Sentado al lado de la ventanilla, leyendo “El invierno en Lisboa” y reflexionando sobre el futuro, sobre qué hacer con mi vida cuando vuelva. Pienso en el momento que elegí la carrera que estudié, que no me arrepiento de haber estudiado eso y que esa elección me ha llevado a vivir muchas experiencias asombrosas, pero que sin embargo no es de lo que quiero vivir, no me veo en ninguna de las típicas salidas que venden que tiene Ingeniería Electrónica, y que además no tengo ni idea de electrónica.

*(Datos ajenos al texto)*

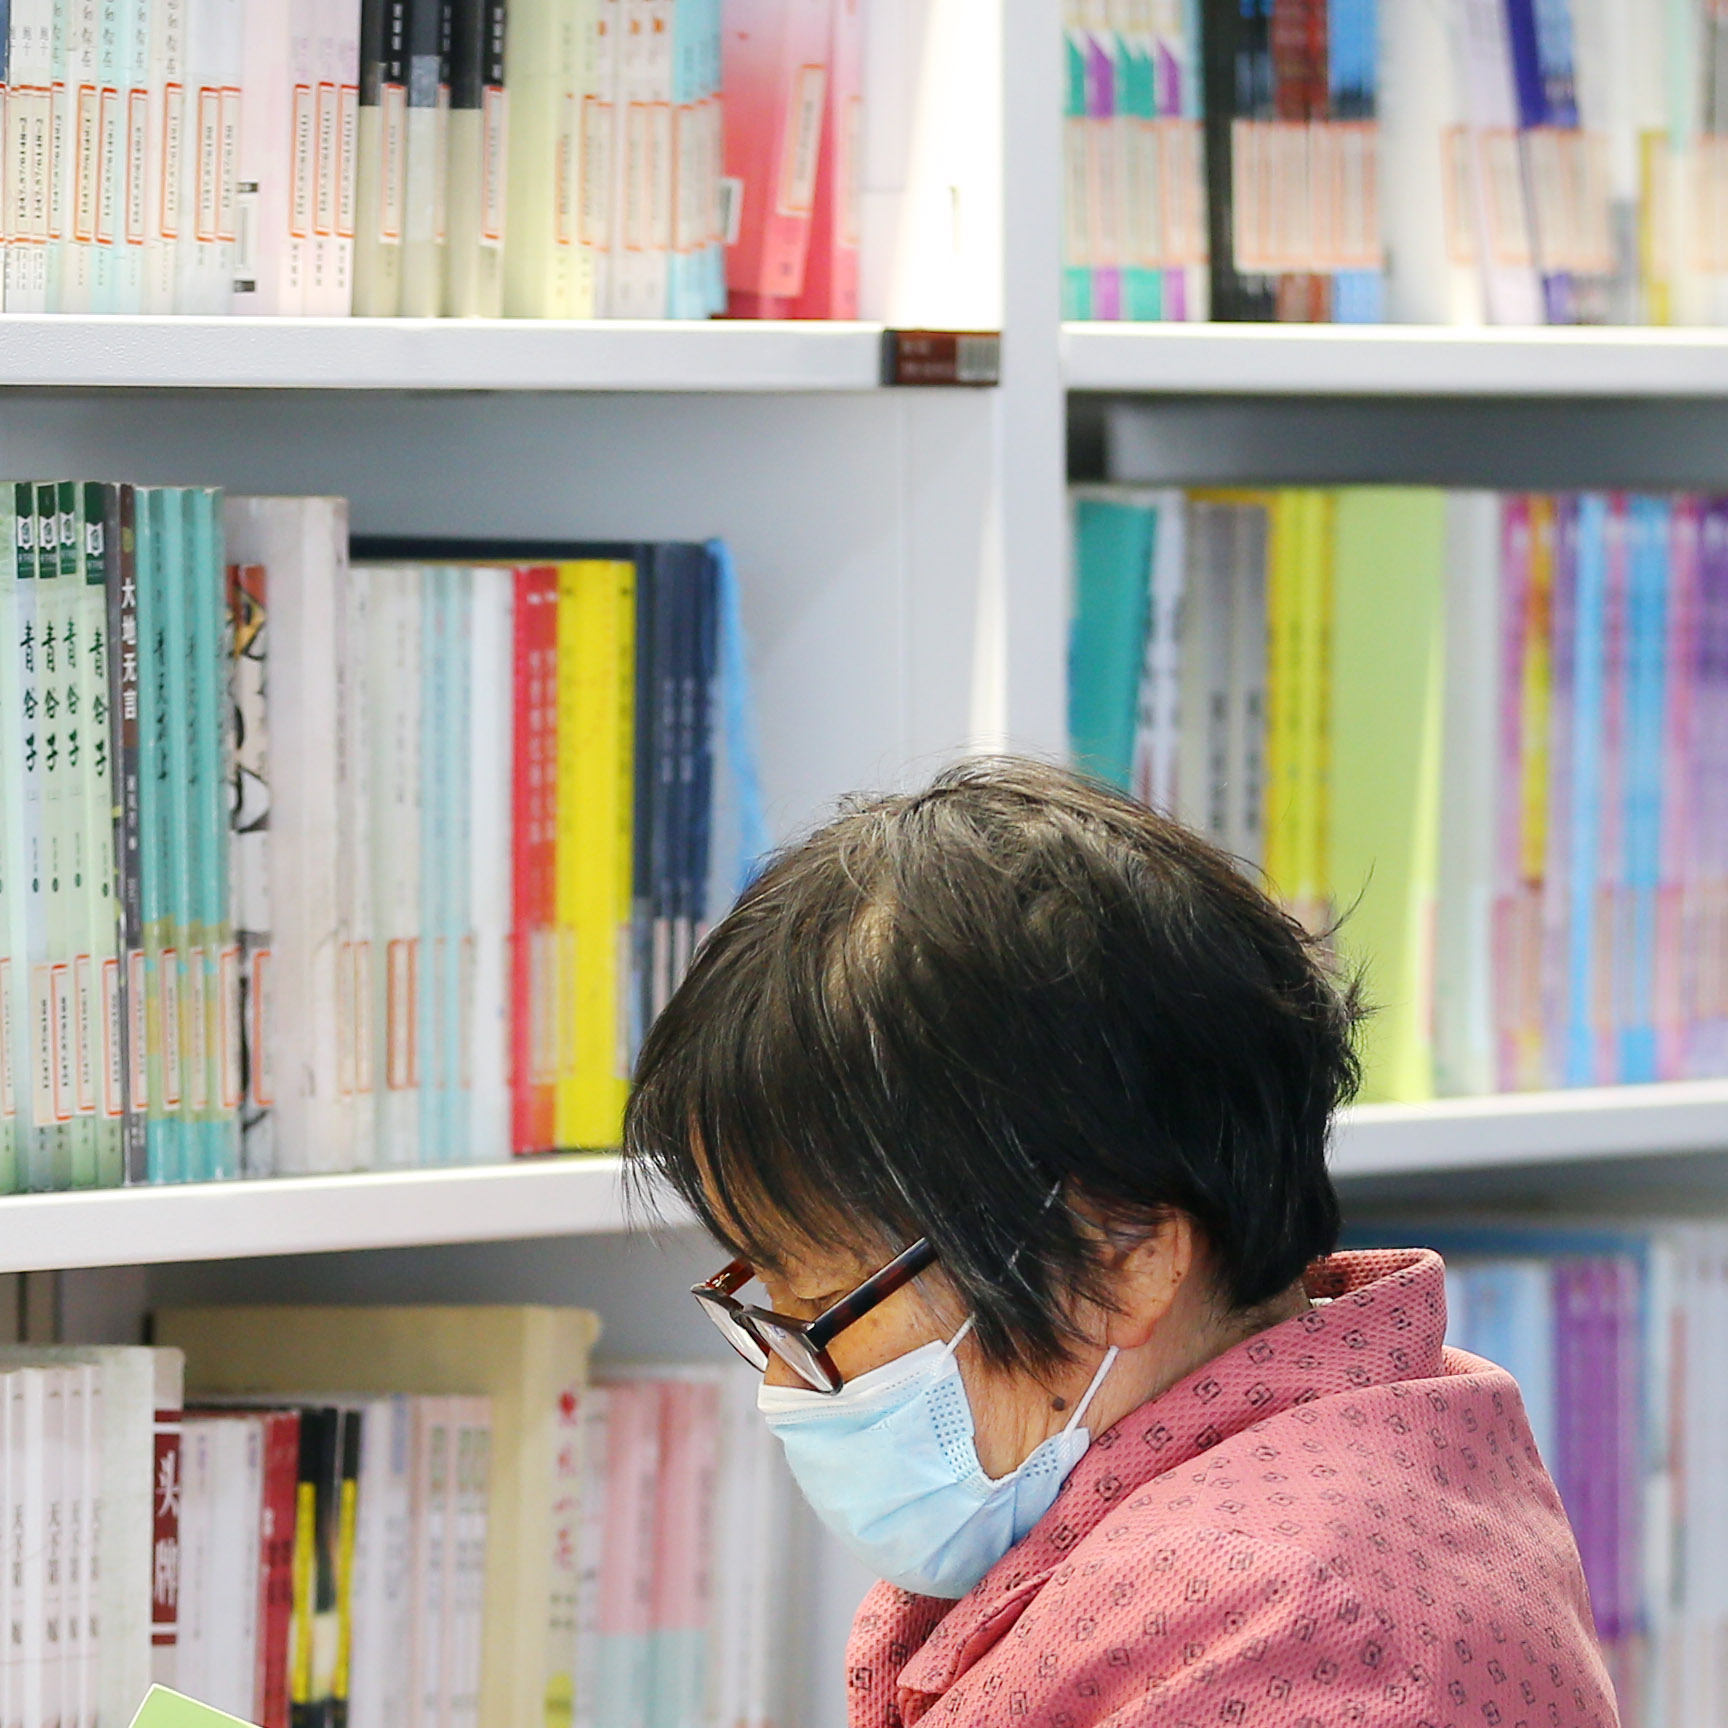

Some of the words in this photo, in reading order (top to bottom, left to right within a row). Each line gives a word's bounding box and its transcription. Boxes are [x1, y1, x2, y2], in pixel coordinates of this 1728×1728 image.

[120, 577, 138, 721] 大地无言
[157, 1449, 181, 1607] 头牌
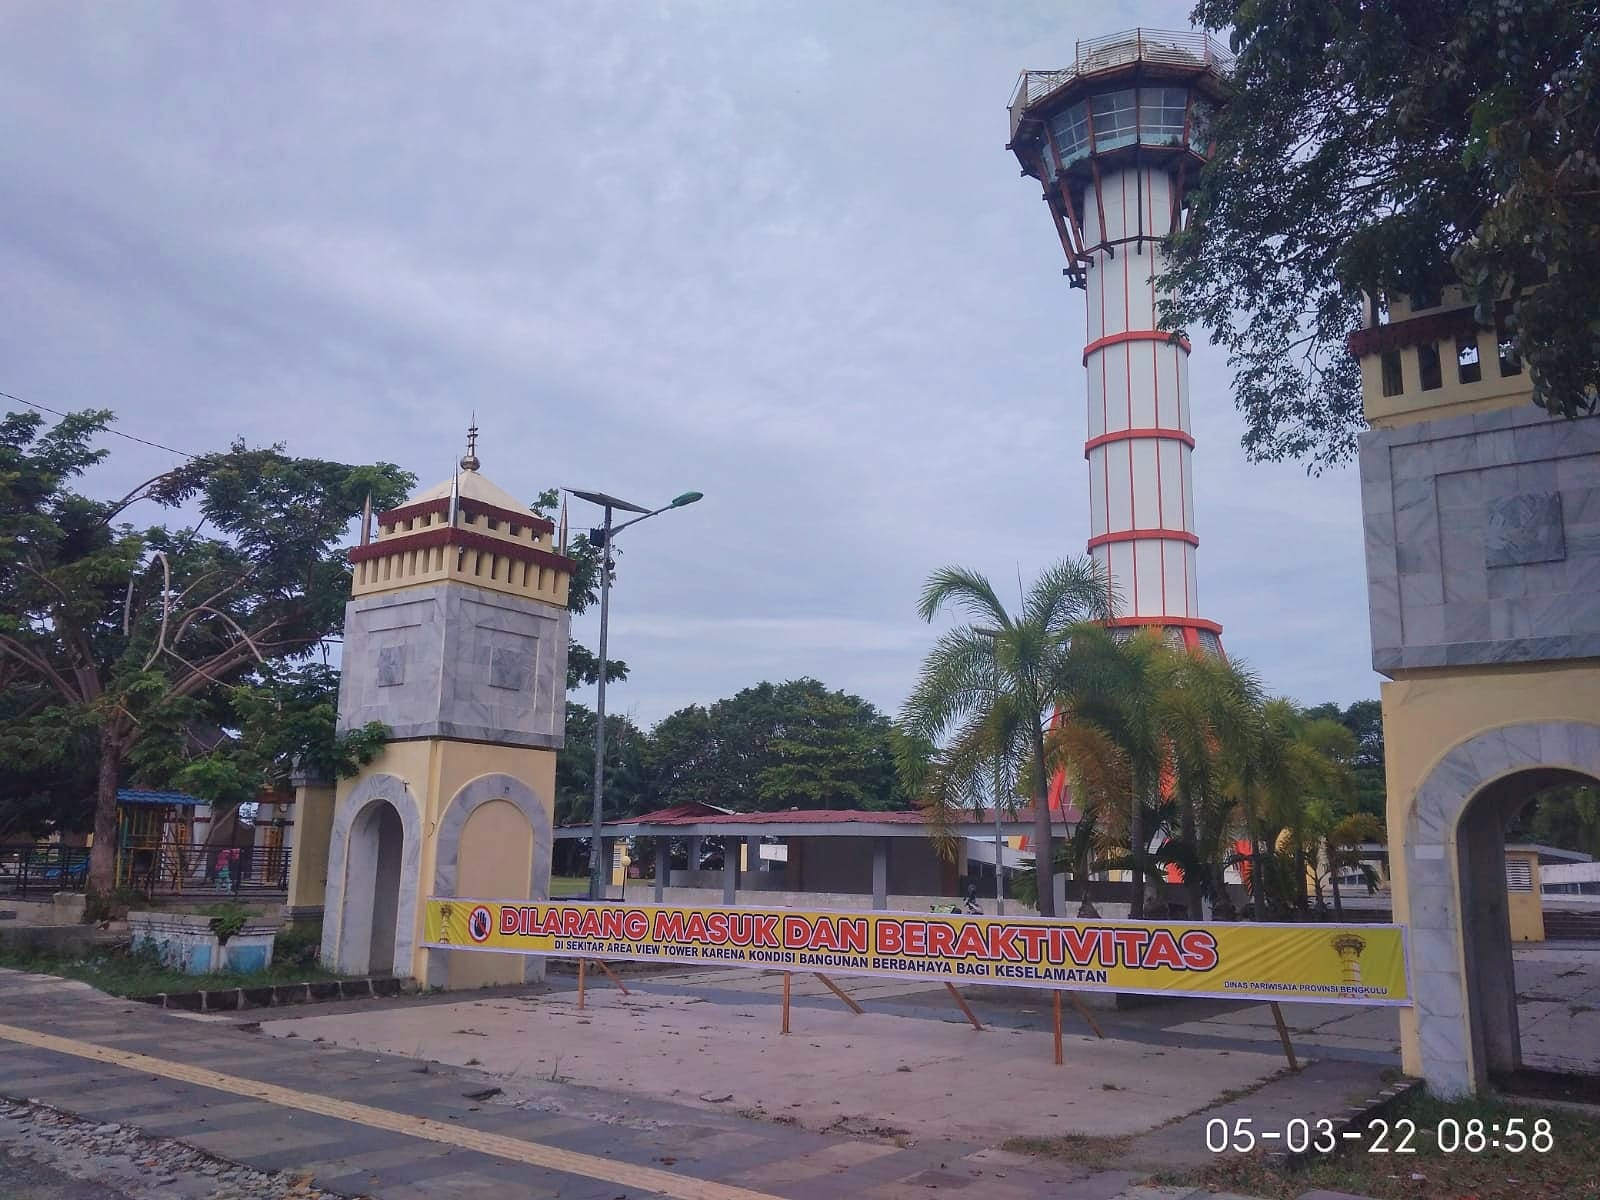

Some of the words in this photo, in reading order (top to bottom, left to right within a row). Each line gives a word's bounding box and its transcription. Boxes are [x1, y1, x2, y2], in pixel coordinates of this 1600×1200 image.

[500, 906, 649, 941] DILARANG
[653, 912, 780, 947] MASUK
[784, 915, 869, 953] DAN
[875, 918, 1219, 971] BERAKTIVITAS
[554, 940, 564, 950] DI
[566, 941, 604, 952] SEKITAR
[606, 942, 632, 953] AREA
[635, 944, 660, 955] VIEW
[663, 945, 698, 957] TOWER
[701, 948, 745, 961] KARENA
[749, 950, 795, 963] KONDISI
[799, 953, 869, 969] BANGUNAN
[872, 957, 952, 974] BERBAHAYA
[956, 962, 990, 976] BAGI
[994, 964, 1107, 983] KESELAMATAN
[1224, 980, 1248, 990] DINAS
[1250, 982, 1297, 992] PARIWISATA
[1299, 984, 1339, 993] PROVINSI
[1340, 986, 1388, 995] BENGKULU

Como si me leyera la mente, Santi me saca de mi abstracción para no cambiar el sujeto de mis pensamientos. Me alcanza el libro que lee, “¿Está usted de broma, Sr. Feynman?”, que cuenta anécdotas de un premio Nobel de Física, y me indica que lea un párrafo en el que Feynman se encuentra en Brasil y se da cuenta de que los chavales no tienen ni idea de lo que están estudiando, que saben recitar las cosas tal y como el libro lo ha definido, que si abre el libro y mira qué es la triboluminiscencia leerá que es la luz que emiten los cristales al ser frotados pero que ahí no hay ciencia, hay memorismo, y que hubiera sido más lectivo si se dijera a los alumnos que fueran a casa, cogieran unos alicates y azúcar, apagaran la luz y apretasen con los alicates el azúcar, entonces podrían ver destellos azules. Pone el ejemplo de un amante de griego que viaja a otro país a la escuela helenista para comprobar cómo son los estudios allí, y si preguntaba a un alumno a punto de hacer el examen final de griego “¿qué ideas tenía Sócrates acerca de la relación entre Verdad y Belleza?” el alumno se quedaba sin respuesta, pero si preguntaba “¿qué le decía Sócrates a Platón en el Tercer Simposio?” el alumno lo respondía de carrerilla con una sonrisa en los labios, y ambas preguntas son la misma. Con esto se daba cuenta uno de que el sistema educativo era malo, malísimo. Y en Brasil, decía Feynman, pasaba tres cuartos de lo mismo en Física.
Termino de leer el capítulo y me siento identificadísimo. No con el Premio Nobel de Física, sino con el alumno que no sabe nada. Creo que en España se podrían hacer las cosas mucho mejor en cuanto a educación se refiere, y no soy el único que lo cree por lo que el problema no reside en mí, sino en el sistema.
Cambian el plan de estudios y dicen que lo harán más “europeo”, otra vez hago referencia a Feynman: ¿qué necesidad de compararse con otros países? ¿No es suficiente excusa el propio buen resultado para hacer las cosas bien?